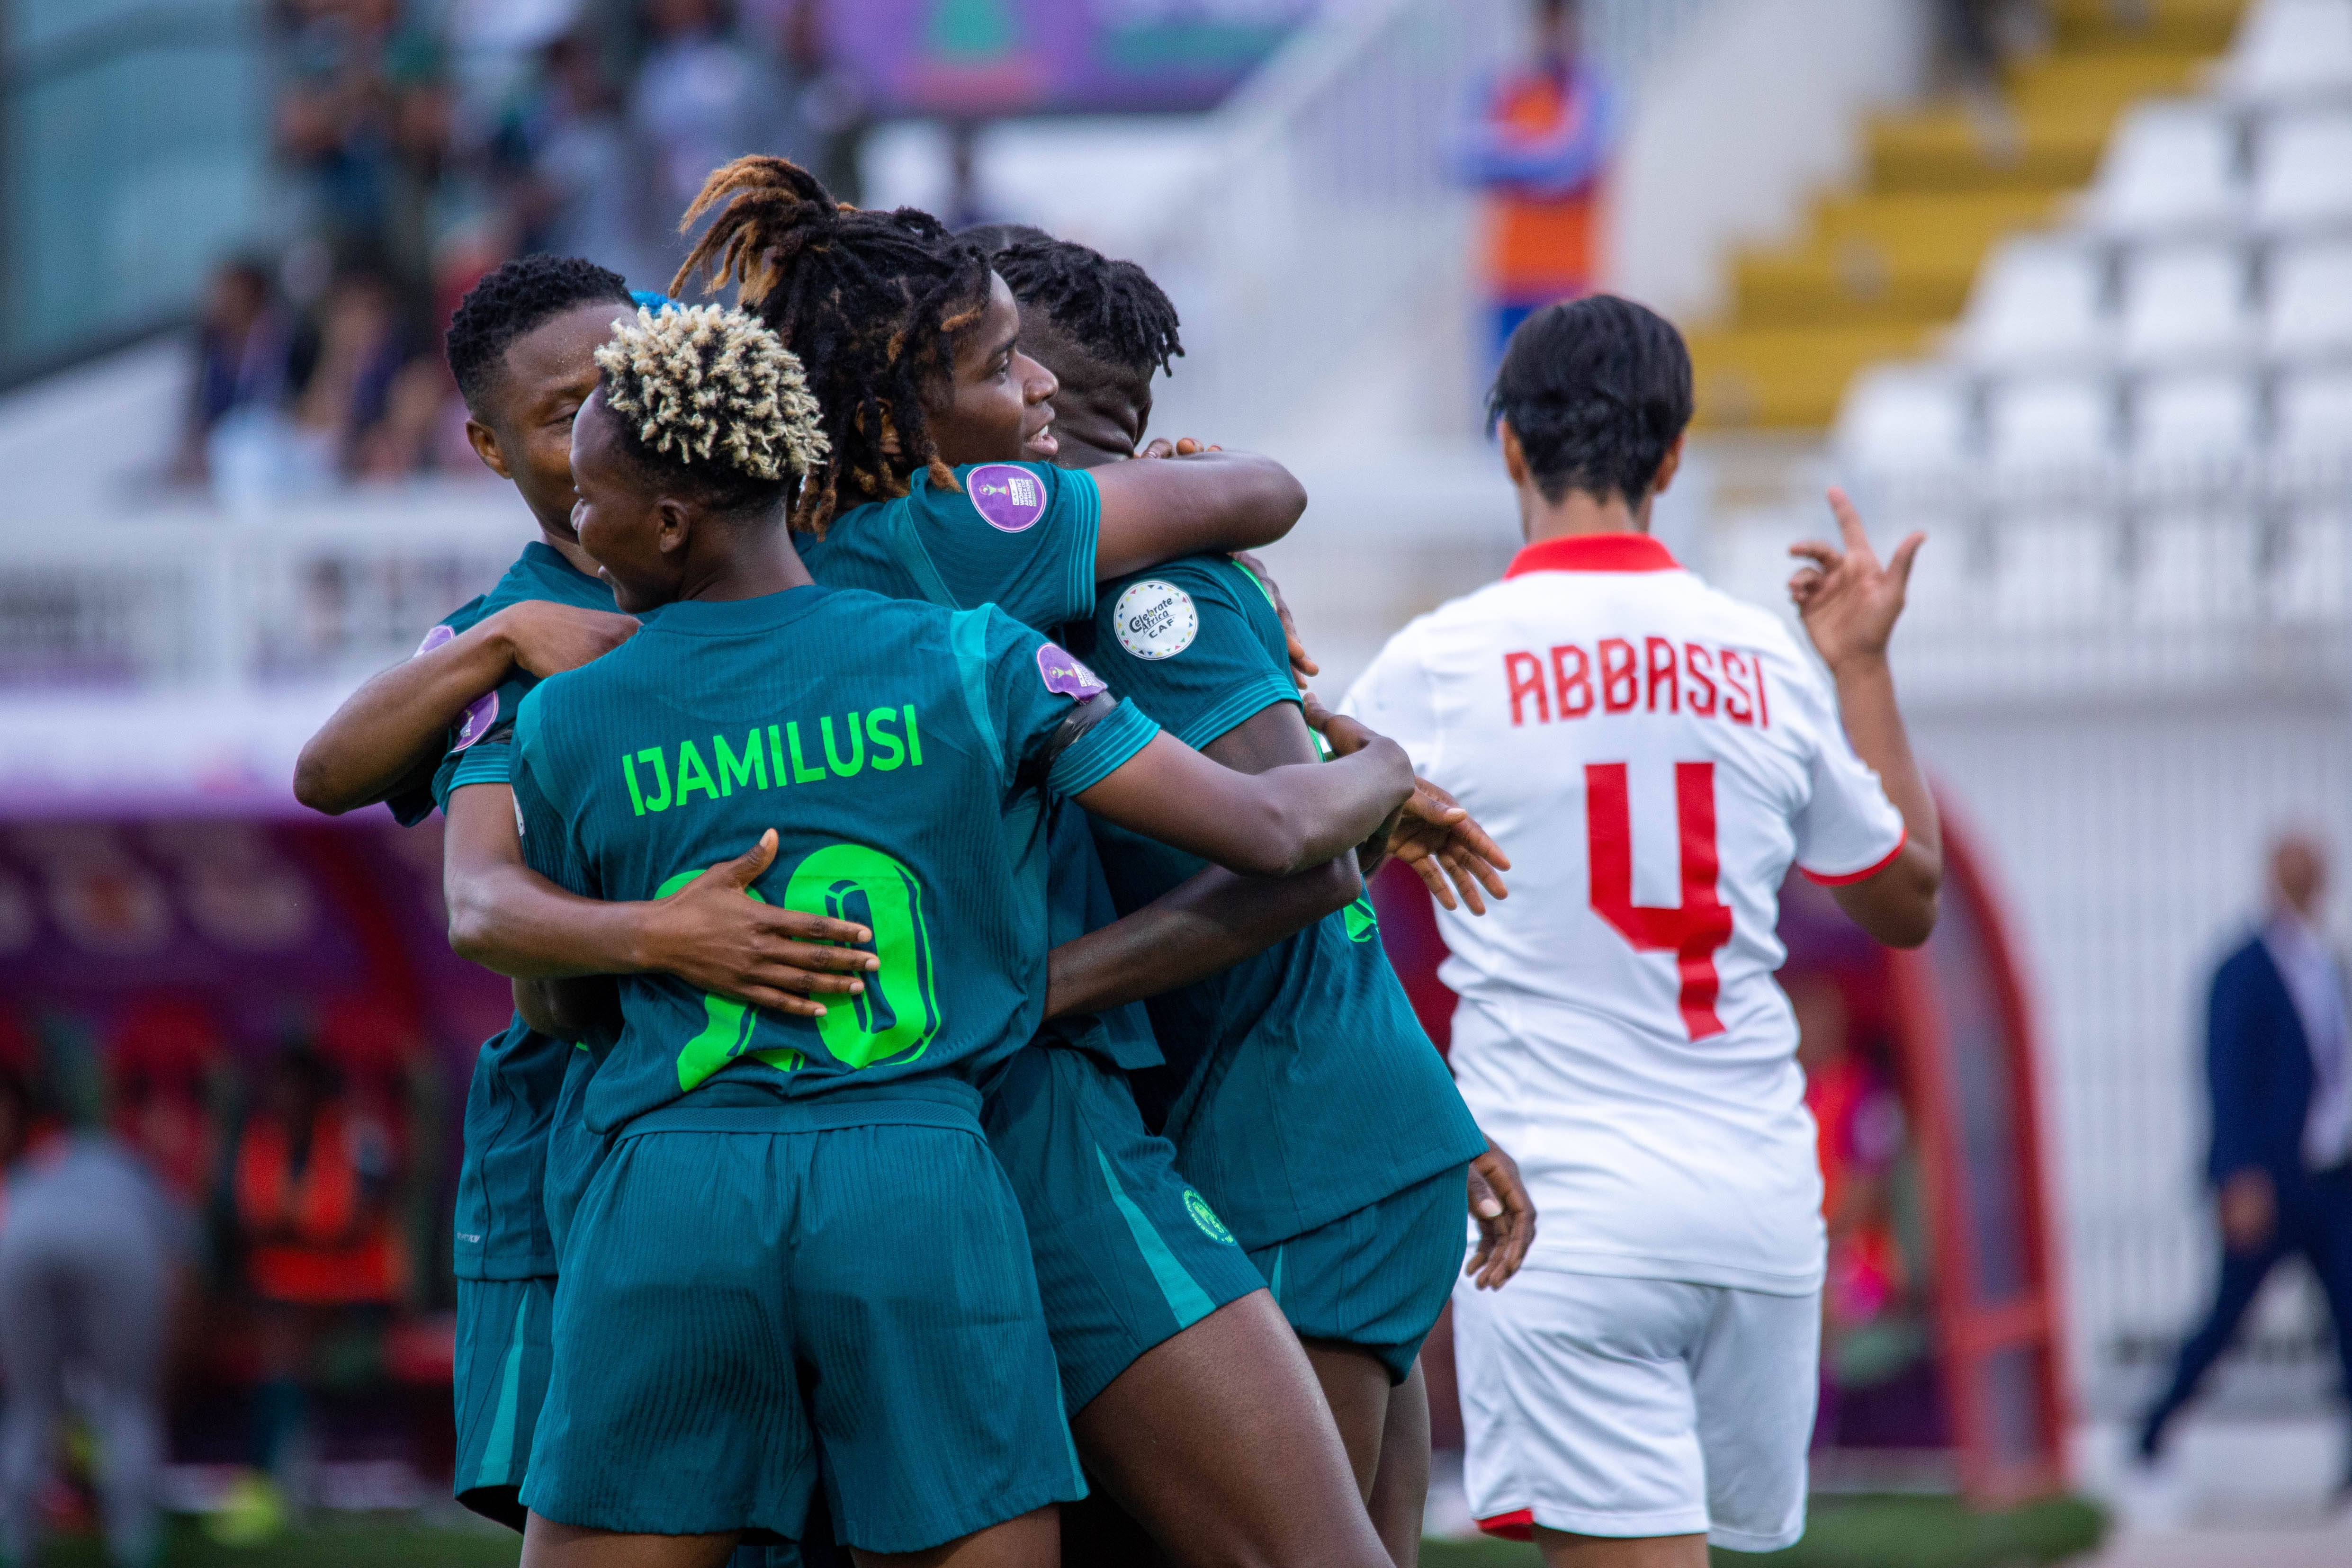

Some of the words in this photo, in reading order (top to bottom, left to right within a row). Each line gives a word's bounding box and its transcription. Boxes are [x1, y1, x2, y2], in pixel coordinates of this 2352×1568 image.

[1015, 479, 1024, 505] WOMEN'S
[1129, 598, 1173, 633] Celebrate
[1142, 610, 1169, 634] Africa
[1149, 618, 1174, 639] CAF
[1504, 636, 1769, 729] ABBASSI
[622, 704, 922, 816] IJAMILUSI
[1583, 762, 1733, 1042] 4
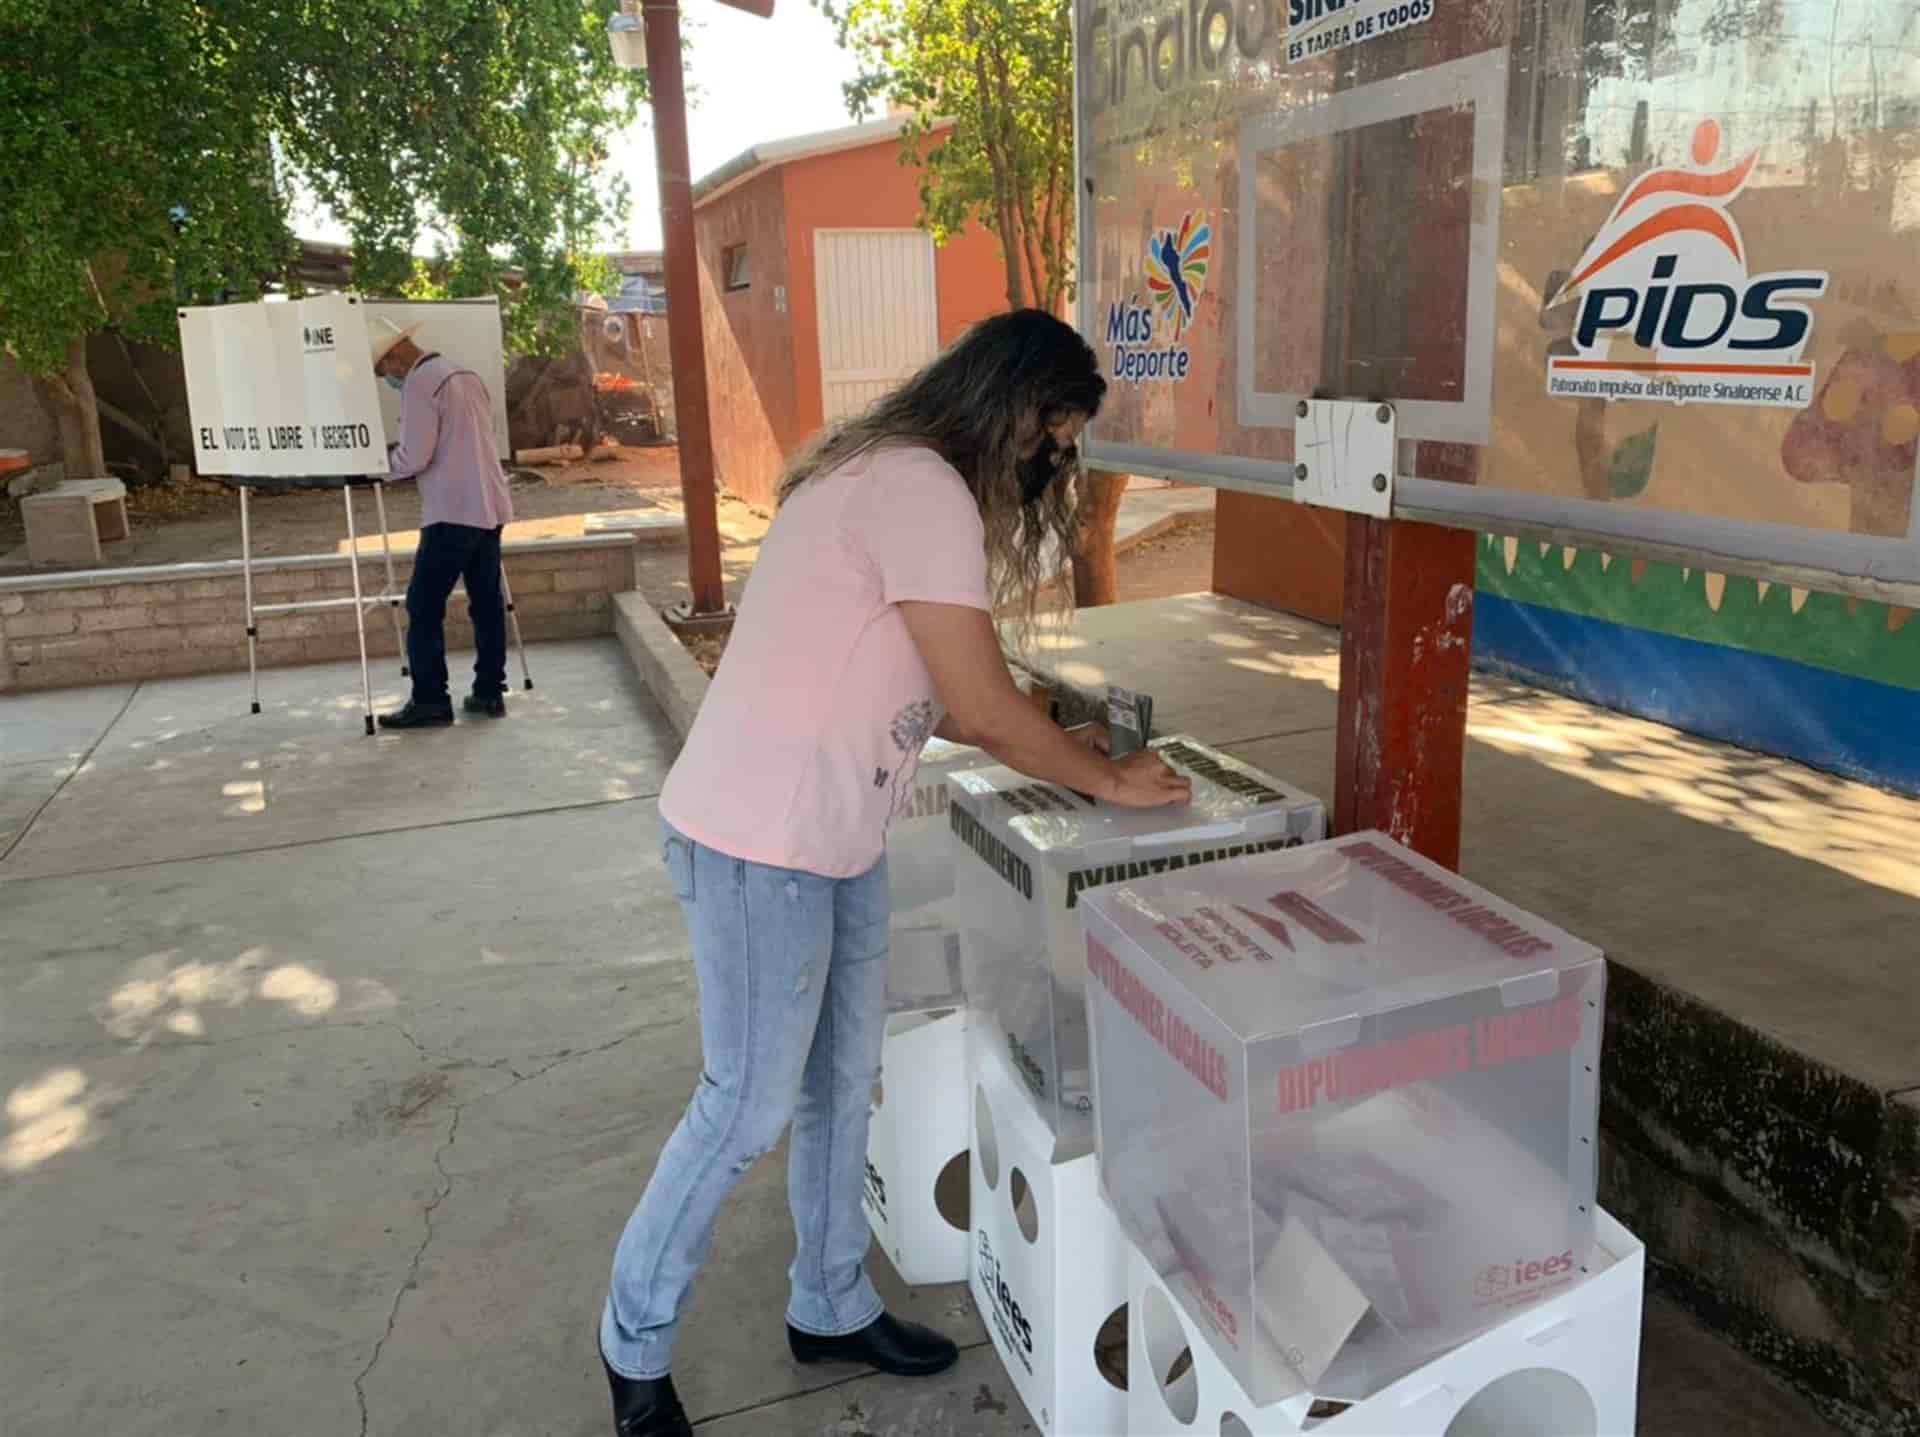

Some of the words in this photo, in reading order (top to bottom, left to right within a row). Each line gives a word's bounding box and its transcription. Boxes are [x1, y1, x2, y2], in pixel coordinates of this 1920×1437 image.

# # #

Instructions for the task:
Please print the records above once more, word for word, omitting all pictures.

Solution to the exercise:
Some of the words in this photo, in reading order (top to bottom, left to right within a row). Each line gives a word's bounding box and its transcription. Boxes are [x1, y1, x2, y2], in pixel coordinates of this 2352×1568 image.

[1015, 479, 1024, 505] WOMEN'S
[1129, 598, 1173, 633] Celebrate
[1142, 610, 1169, 634] Africa
[1149, 618, 1174, 639] CAF
[1504, 636, 1769, 729] ABBASSI
[622, 704, 922, 816] IJAMILUSI
[1583, 762, 1733, 1042] 4

Some of the words in this photo, in reading order (top to bottom, left to right within a row). Each line gives a word's bounding box and its transcription. Boxes are [x1, y1, x2, y2], in pixel coordinates of this 1920×1437 image.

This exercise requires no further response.